#### Exercise:
Could you write out the records below exactly as they appear, leaving out any pictures?

Stored items from a collection:
####################

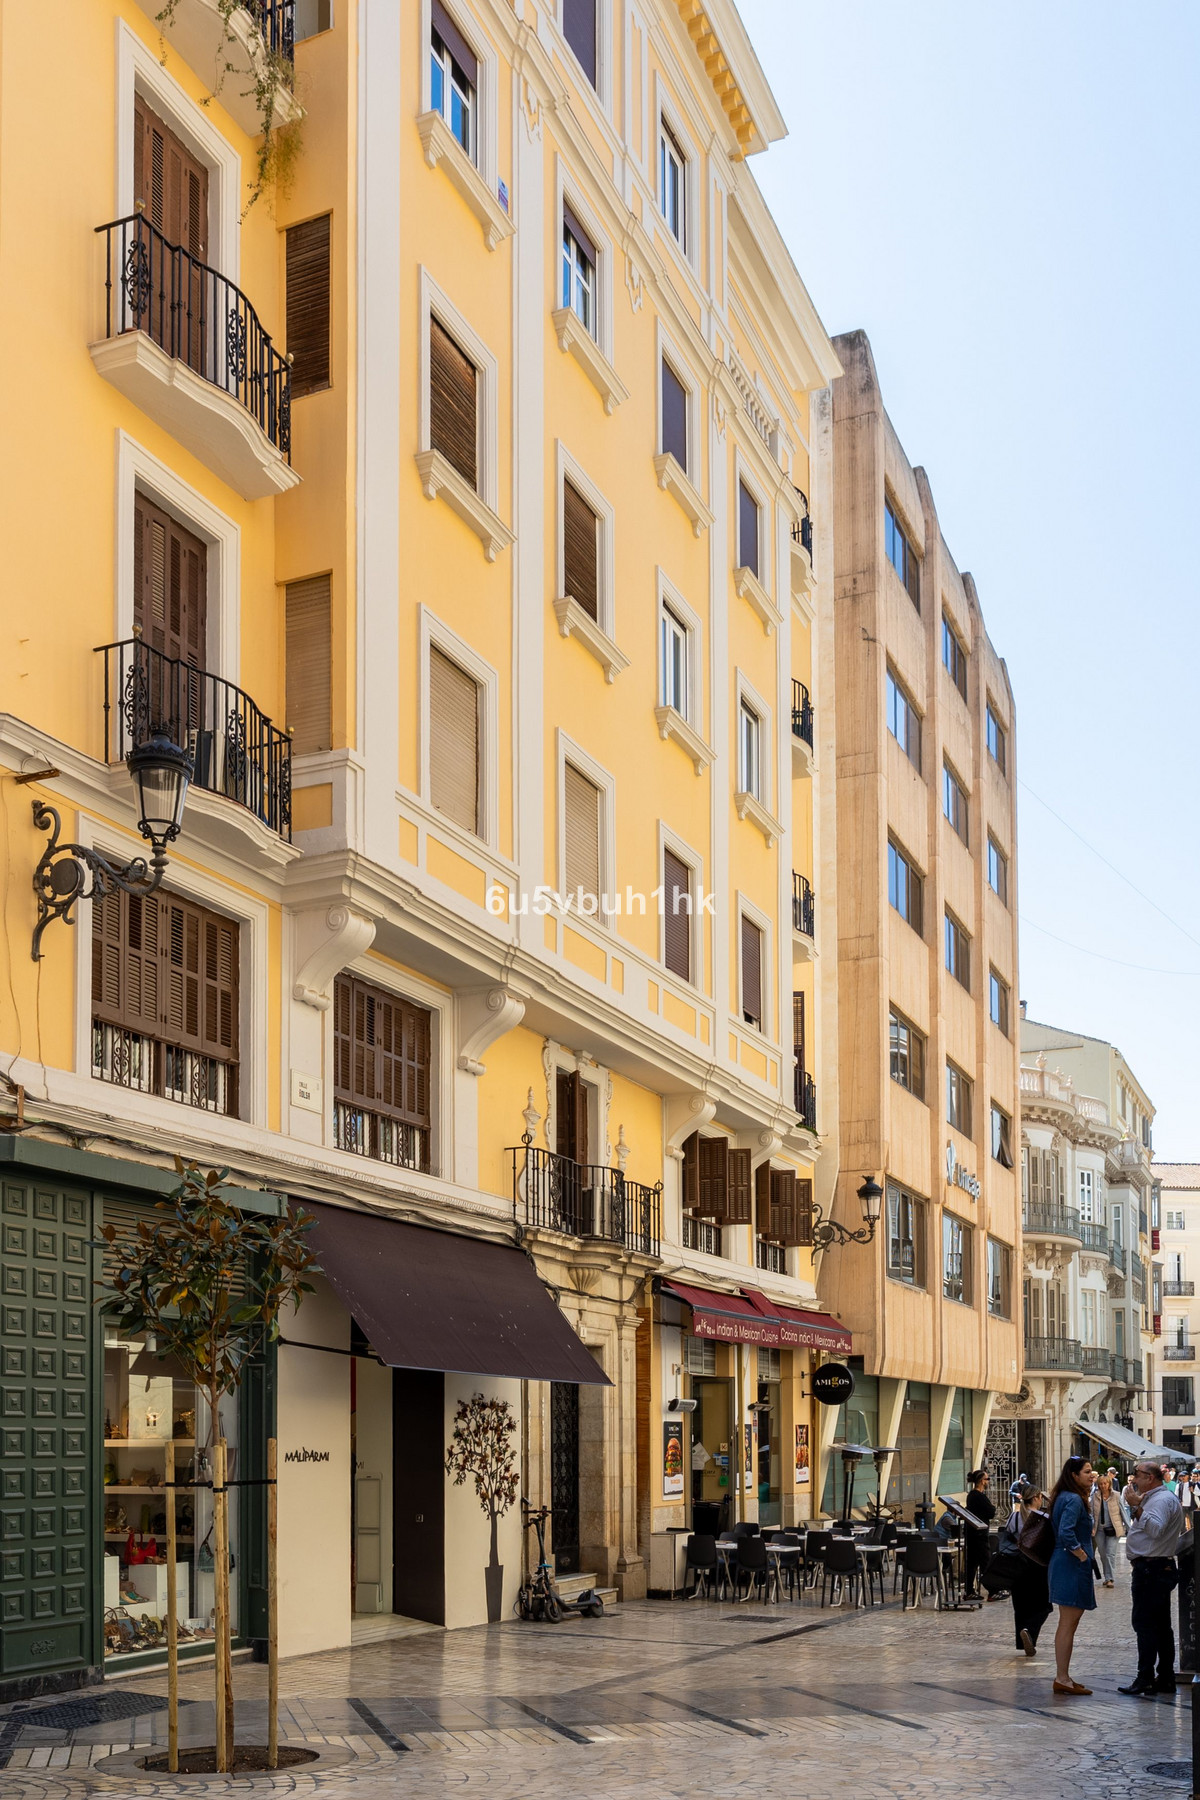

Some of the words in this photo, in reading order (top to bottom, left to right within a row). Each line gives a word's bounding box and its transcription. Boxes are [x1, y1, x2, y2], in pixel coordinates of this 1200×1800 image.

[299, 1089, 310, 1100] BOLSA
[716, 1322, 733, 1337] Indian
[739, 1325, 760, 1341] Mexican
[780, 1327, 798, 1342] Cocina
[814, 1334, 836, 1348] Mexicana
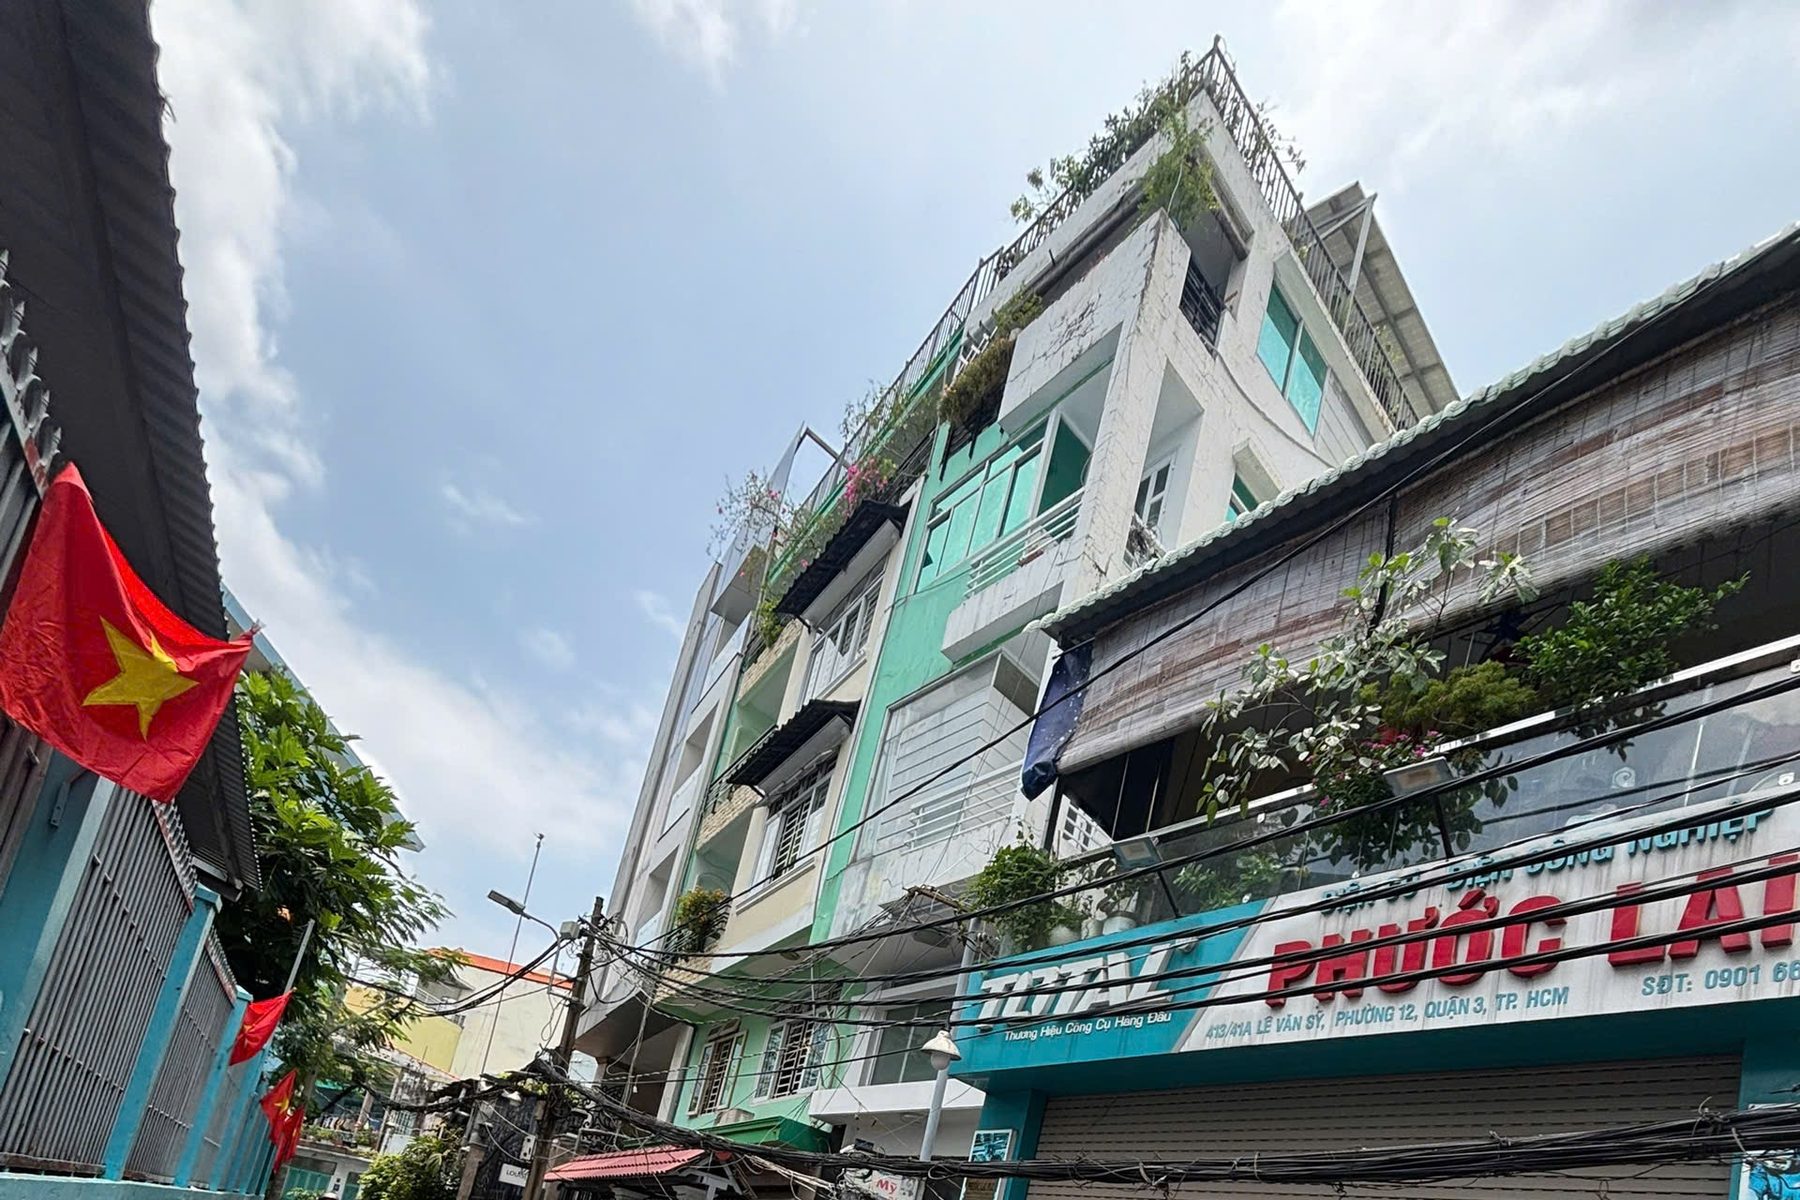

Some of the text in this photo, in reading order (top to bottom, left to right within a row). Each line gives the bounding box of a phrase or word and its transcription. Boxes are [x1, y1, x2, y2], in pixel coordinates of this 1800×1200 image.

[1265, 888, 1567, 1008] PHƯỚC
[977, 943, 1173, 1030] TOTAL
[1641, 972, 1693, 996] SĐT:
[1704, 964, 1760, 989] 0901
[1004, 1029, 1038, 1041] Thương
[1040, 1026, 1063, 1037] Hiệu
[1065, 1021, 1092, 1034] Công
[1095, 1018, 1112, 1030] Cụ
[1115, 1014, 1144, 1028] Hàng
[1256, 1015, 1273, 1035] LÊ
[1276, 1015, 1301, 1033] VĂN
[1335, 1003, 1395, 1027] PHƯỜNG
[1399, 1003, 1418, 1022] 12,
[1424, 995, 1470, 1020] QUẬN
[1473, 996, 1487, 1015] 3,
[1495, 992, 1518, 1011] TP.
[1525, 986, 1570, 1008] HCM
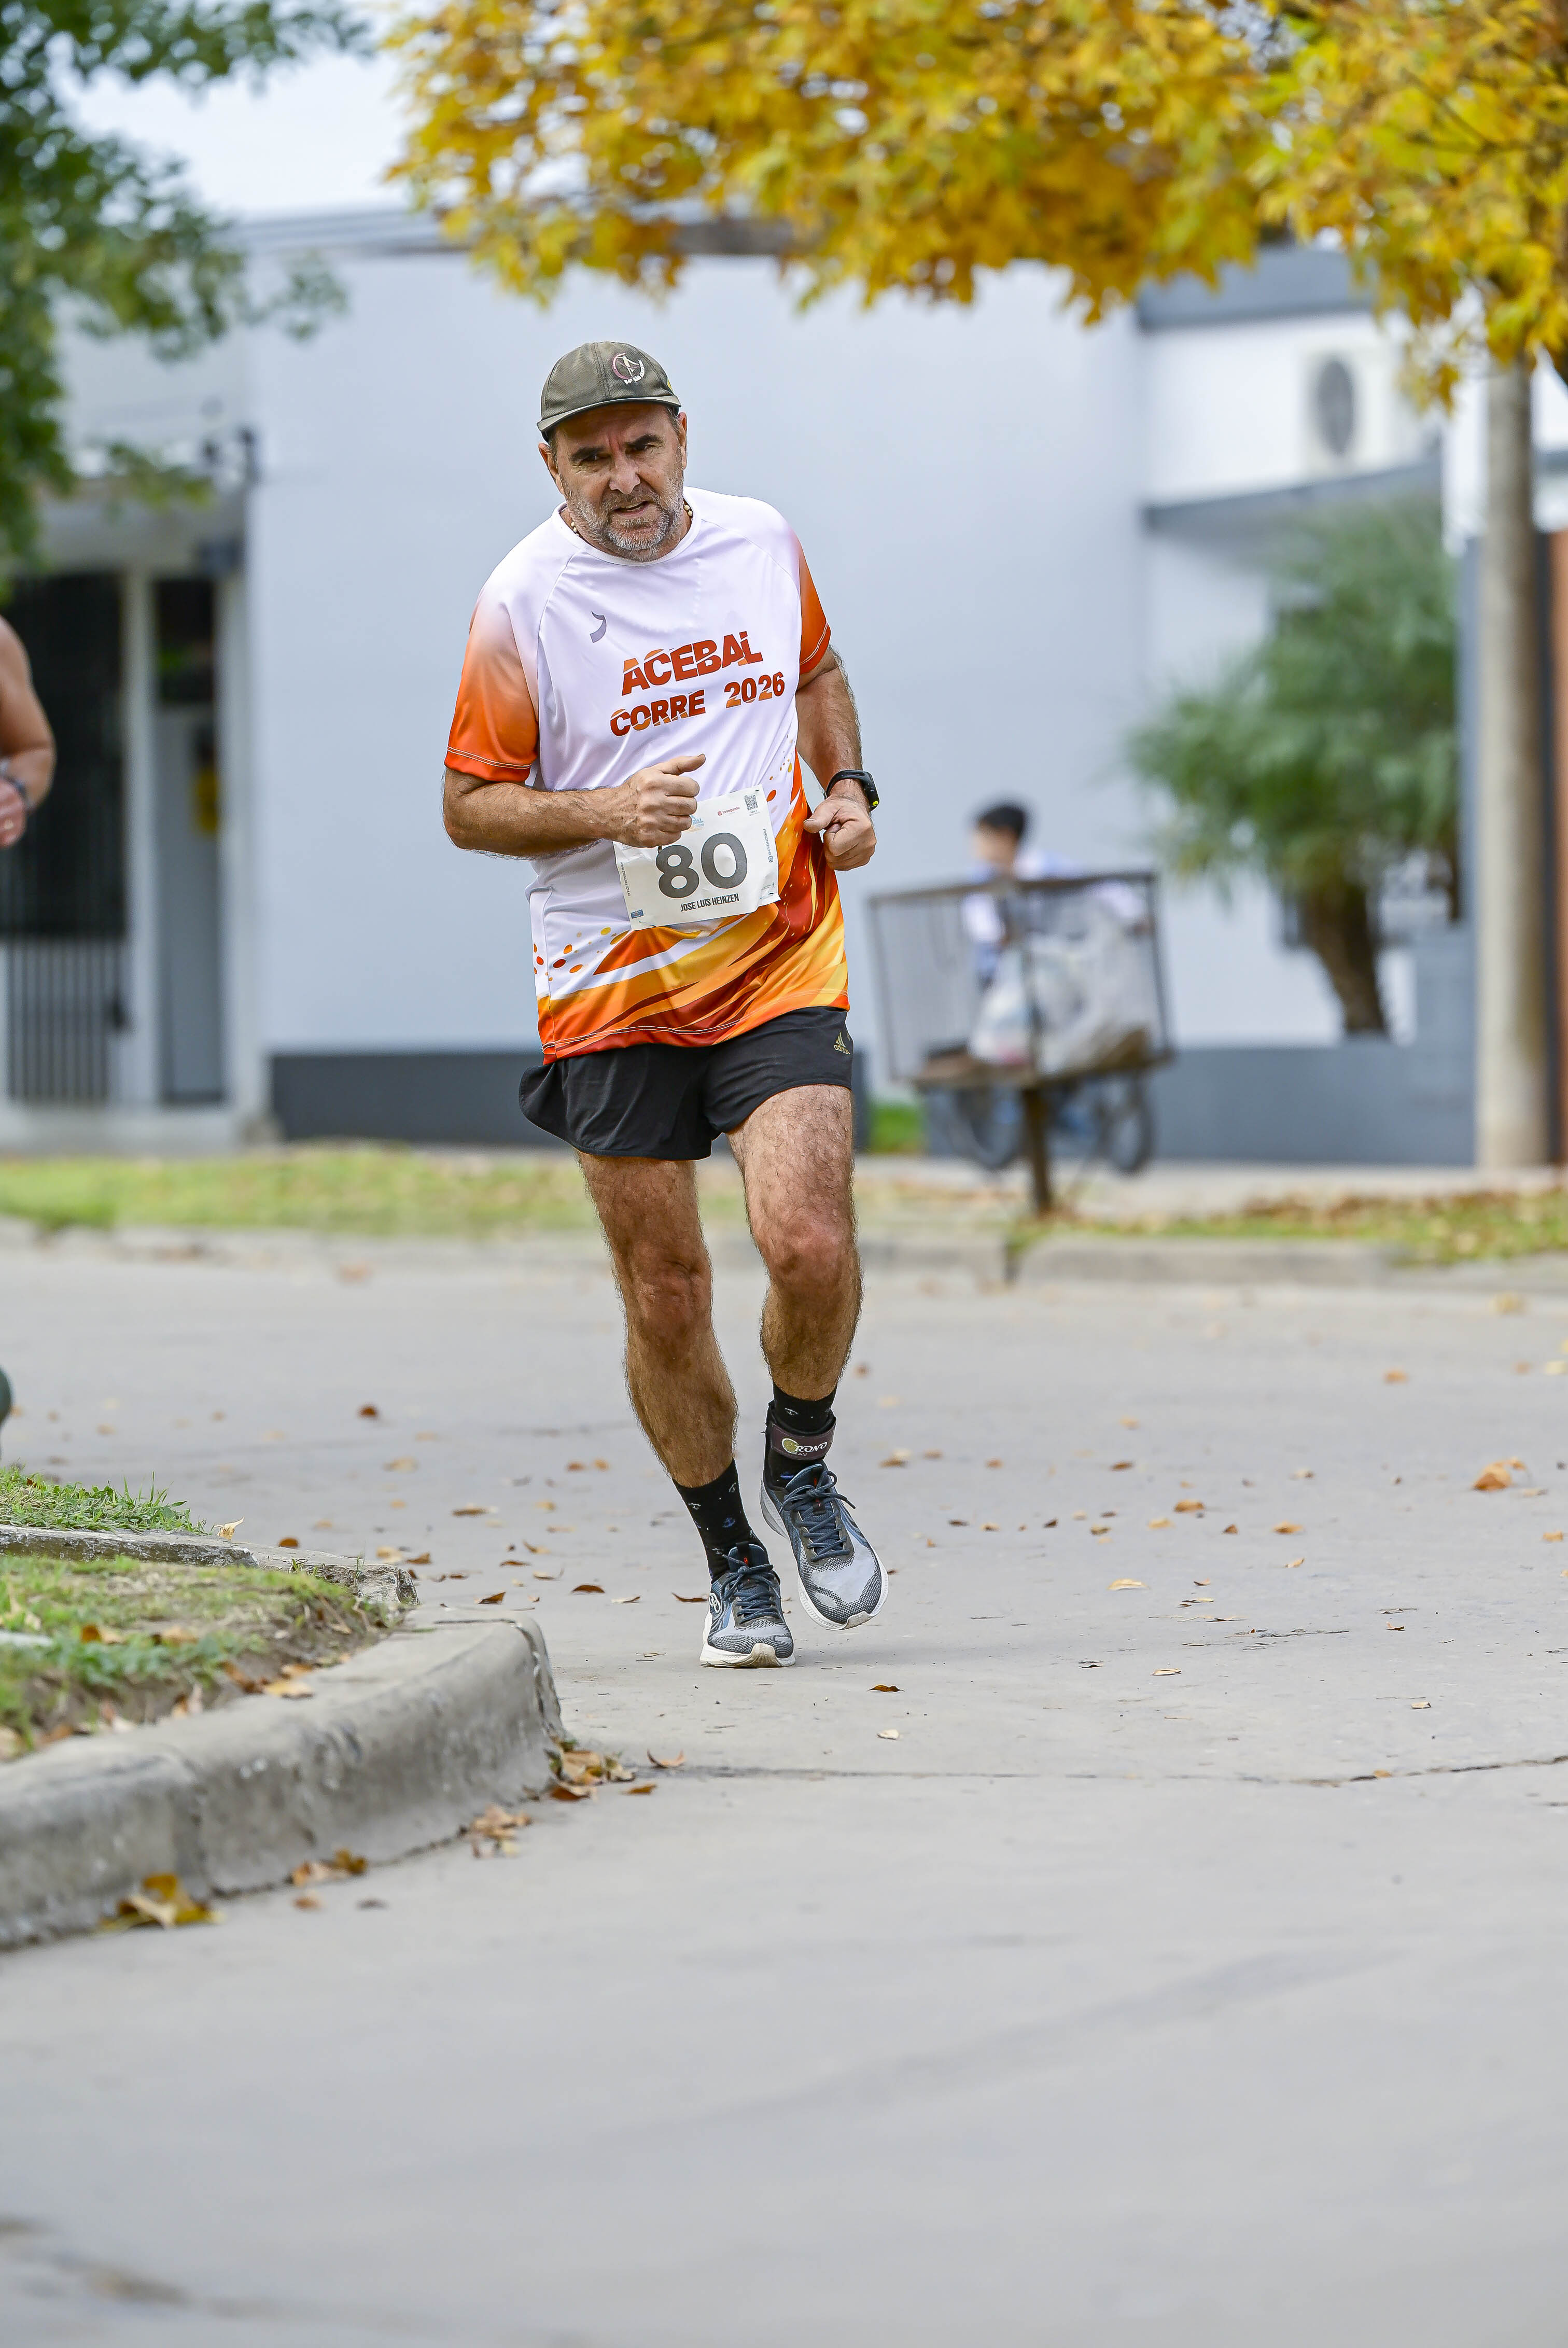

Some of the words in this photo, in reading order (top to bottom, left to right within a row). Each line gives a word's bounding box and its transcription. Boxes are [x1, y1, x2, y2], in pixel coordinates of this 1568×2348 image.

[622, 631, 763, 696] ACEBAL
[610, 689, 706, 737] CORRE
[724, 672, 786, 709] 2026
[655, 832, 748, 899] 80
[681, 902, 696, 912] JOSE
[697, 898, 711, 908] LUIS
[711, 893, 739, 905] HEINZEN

####################

#### Finished task:
Some of the words in this photo, in reading order (top to bottom, left to right within a row). Each line gives a word's bounding box and its transcription. Boxes are [x1, y1, x2, y2], in pixel coordinates of this 1200×1800 image.

[299, 1089, 310, 1100] BOLSA
[716, 1322, 733, 1337] Indian
[739, 1325, 760, 1341] Mexican
[780, 1327, 798, 1342] Cocina
[814, 1334, 836, 1348] Mexicana

Some of the text in this photo, in reading order (top to bottom, left to right within a row). Each line gives the bounding box of a phrase or word and its transcription. Boxes are [x1, y1, x2, y2], in pixel coordinates of this 1800×1200 image.

[1265, 888, 1567, 1008] PHƯỚC
[977, 943, 1173, 1030] TOTAL
[1641, 972, 1693, 996] SĐT:
[1704, 964, 1760, 989] 0901
[1004, 1029, 1038, 1041] Thương
[1040, 1026, 1063, 1037] Hiệu
[1065, 1021, 1092, 1034] Công
[1095, 1018, 1112, 1030] Cụ
[1115, 1014, 1144, 1028] Hàng
[1256, 1015, 1273, 1035] LÊ
[1276, 1015, 1301, 1033] VĂN
[1335, 1003, 1395, 1027] PHƯỜNG
[1399, 1003, 1418, 1022] 12,
[1424, 995, 1470, 1020] QUẬN
[1473, 996, 1487, 1015] 3,
[1495, 992, 1518, 1011] TP.
[1525, 986, 1570, 1008] HCM

Some of the words in this photo, in reading order (top to bottom, left to right within a row). Each line gives a word's bounding box and its transcription. Boxes are [x1, y1, x2, y2], in pixel coordinates of this 1568×2348 image.

[622, 631, 763, 696] ACEBAL
[610, 689, 706, 737] CORRE
[724, 672, 786, 709] 2026
[655, 832, 748, 899] 80
[681, 902, 696, 912] JOSE
[697, 898, 711, 908] LUIS
[711, 893, 739, 905] HEINZEN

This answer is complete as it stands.